A discussion with our very own Paul Kay and Louise Beamish


PK: Let’s start at the beginning with what is a Precedent H costs budget and when do they have to be prepared?

LB: A costs budget is used in cases at allocation stage to ultimately cost manage litigation costs through to the conclusion of the claim to enable the court to award costs proportionately.

PK: I agree. LJ Rupert Jackson’s idea was that it allows the court to control and ensure that a party only have reasonable and proportionate costs, but it also gives certainty to both parties as to their potential legal bill in the event they lose. It can’t control costs that pre-date the date of the budget – they are still controlled in the old-fashioned way by detailed assessment, but it does control the costs going forward once approved subject to some of the get outs, we might talk about later.

LB: So obviously an extremely powerful document.

PK: Yes, and you need to get it right because if you get it wrong at the start you are pretty much stuck with it. The old days of being able to fix costs problems at the end in a bill aren’t the case anymore, you have to get it right at the start. When a budget is required to be prepared depends on the case, however.

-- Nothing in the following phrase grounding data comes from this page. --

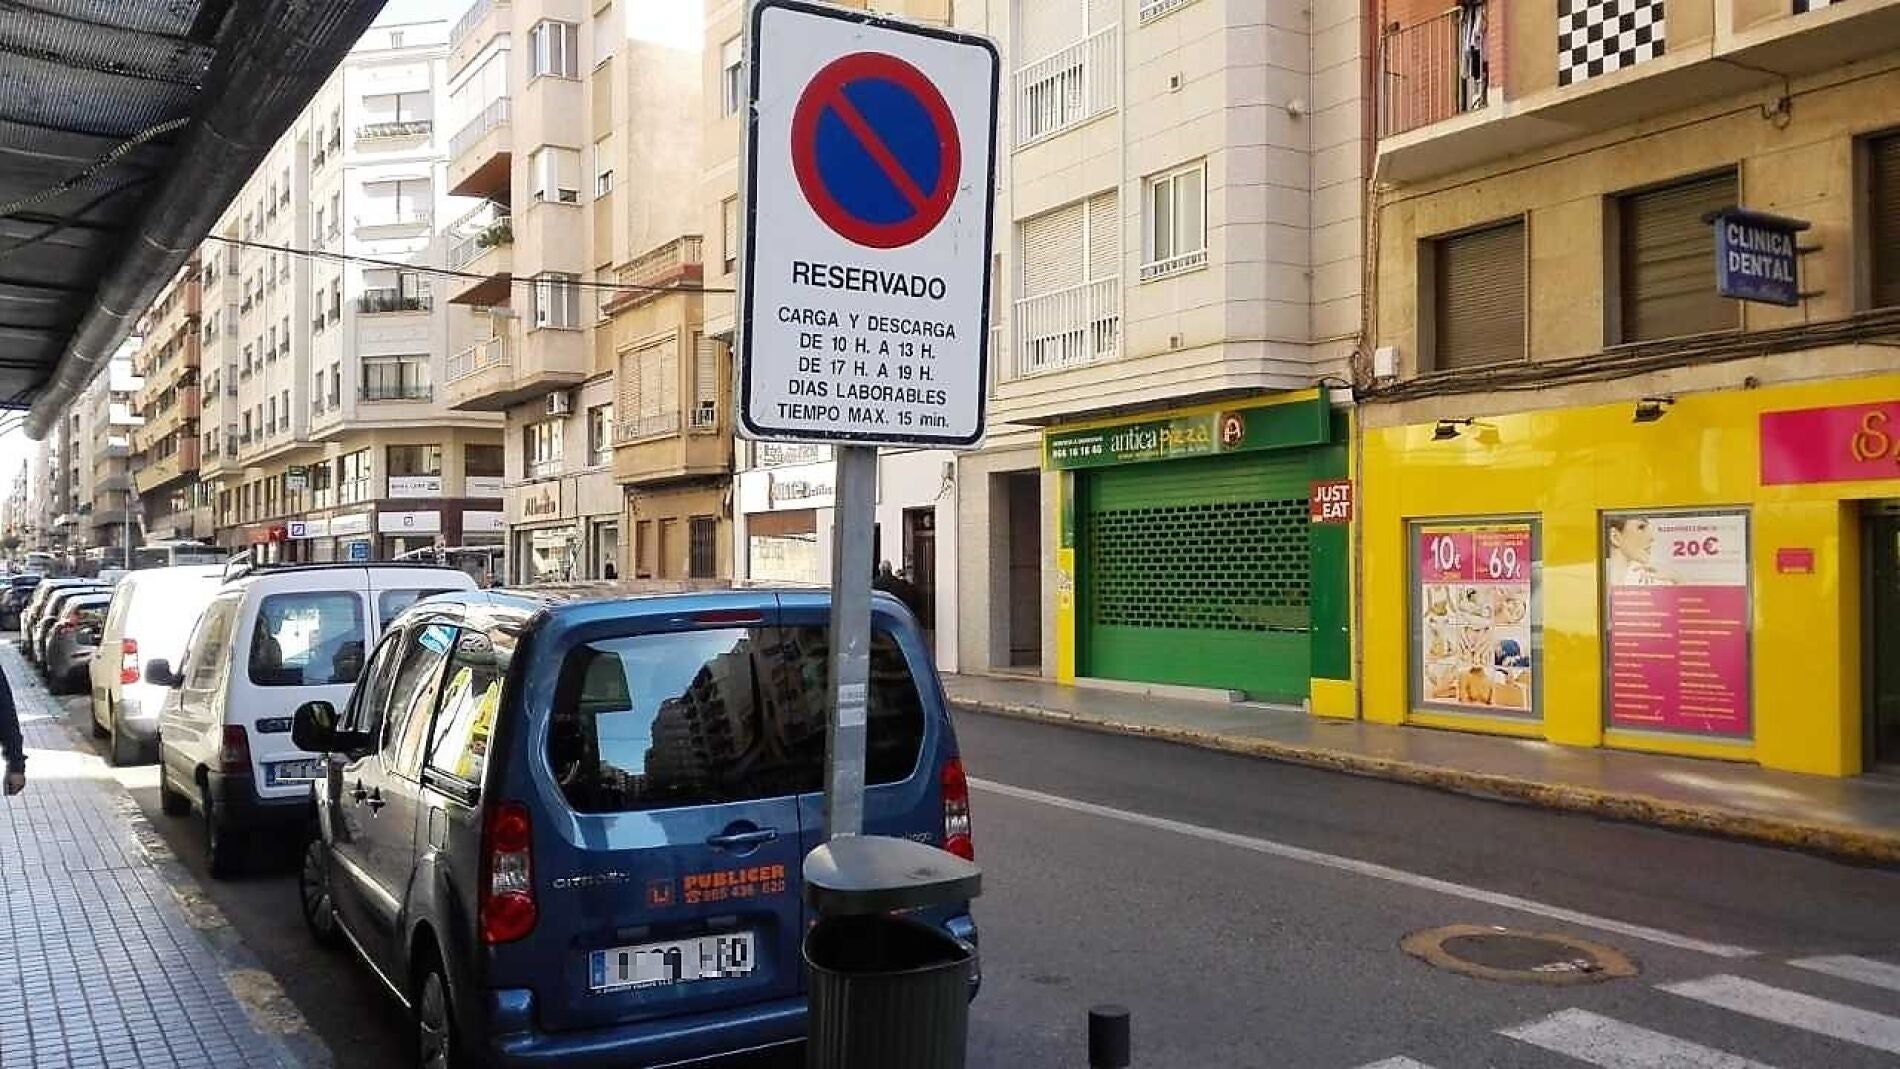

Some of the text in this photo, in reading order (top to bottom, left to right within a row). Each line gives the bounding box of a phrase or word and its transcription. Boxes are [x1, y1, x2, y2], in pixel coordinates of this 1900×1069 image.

[1727, 223, 1793, 256] CLINICA
[792, 261, 947, 300] RESERVADO
[1728, 253, 1793, 282] DENTAL
[778, 306, 956, 339] CARGA Y DESCARGA
[800, 333, 936, 359] DE 10 H. A 13 H.
[799, 356, 934, 381] DE 17 H. A 19 H.
[789, 379, 947, 405] DIAS LABORABLES
[777, 403, 950, 428] TIEMPO MAX. 15 min.
[1314, 485, 1350, 502] JUST
[1323, 501, 1350, 518] EAT
[683, 864, 785, 890] PUBLICER

If the stated value on the claim form is less that £50,000.00 what are the rules?

LB: In that case, the budget is to be filed with the directions questionnaire but if the value is above £50,000.00 it is 21 days before any listed CCMC unless it is ordered alternatively by the court at any given time.

PK: Absolutely, it is an is odd rule and completely contradictory to the purposes of budgeting as in a case worth less than £50,000, the budget is going to be much more straightforward, only having to be on one page. Yet the rules make us prepare that type of budget far more in advance than a budget for example, of £10 million that only has to be filed 21 days before. I guess we need to look at what happens if a budget isn’t filed on time, which is obviously a big one!



LB: Yes, court fees only!

PK: Yes, basically if you miss the deadline you lose all your costs. Presently, there is no case law that states you will lose all incurred costs pre-dating the date you should have filed the budget or not. I was involved in a case where that had happened, and the party had had the sanction applied and although we never got as far as assessment, the paying party opponent never took the point and said incurred costs should have been recoverable.

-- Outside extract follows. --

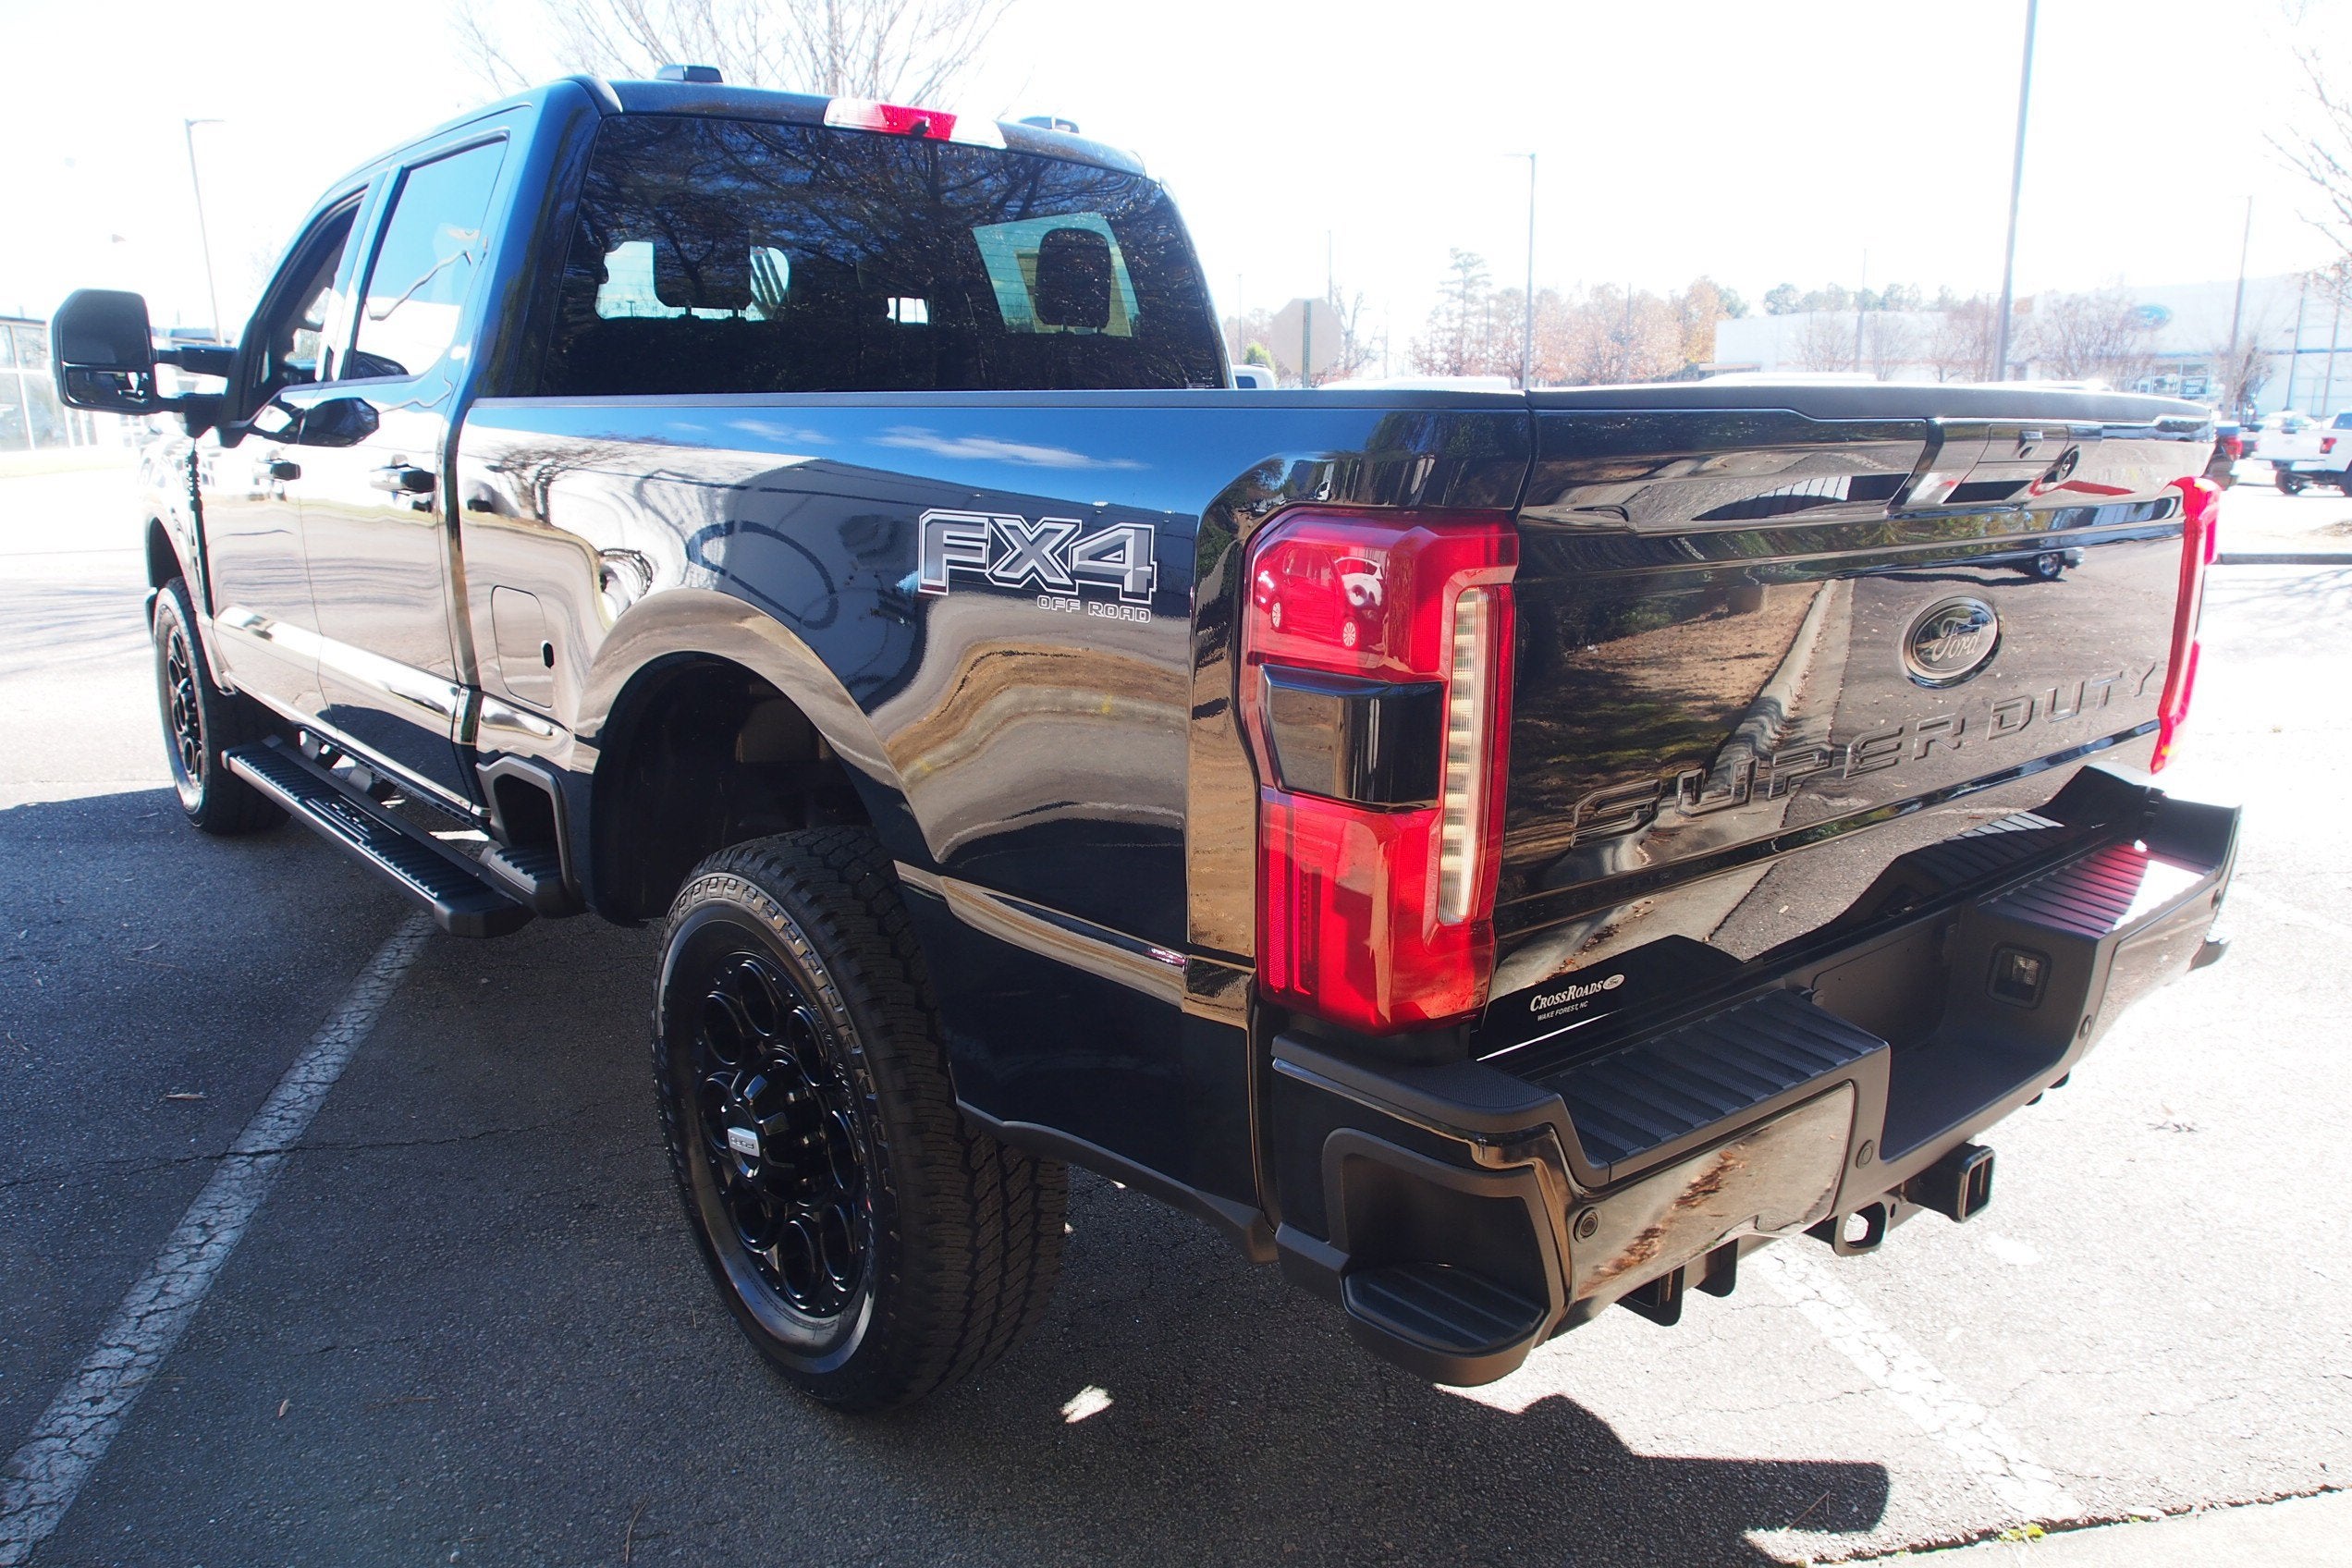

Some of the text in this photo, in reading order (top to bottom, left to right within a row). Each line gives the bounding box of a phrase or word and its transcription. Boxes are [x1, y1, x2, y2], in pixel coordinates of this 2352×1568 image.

LB: That’s interesting and surprising, I thought it would apply to costs throughout the duration of the entire claim.

PK: Well, what the rule says is the party’s budget should be limited to court fees only and of course the budgeted costs are the ones the court can control going forward. It is open to challenge in absence of any case law on it, and in my experience, costs in that scenario incurred were recovered.

LB:  If you find yourself in the situation of not having filed in time, you can apply for a relief from sanction which needs to be done as soon as you are aware the deadline has been missed. We always advise you seek your opponent’s agreement as soon as you realise the deadline has passed to assist with any application you may make in accordance with the Denton test. We have seen many successful applications, haven’t we?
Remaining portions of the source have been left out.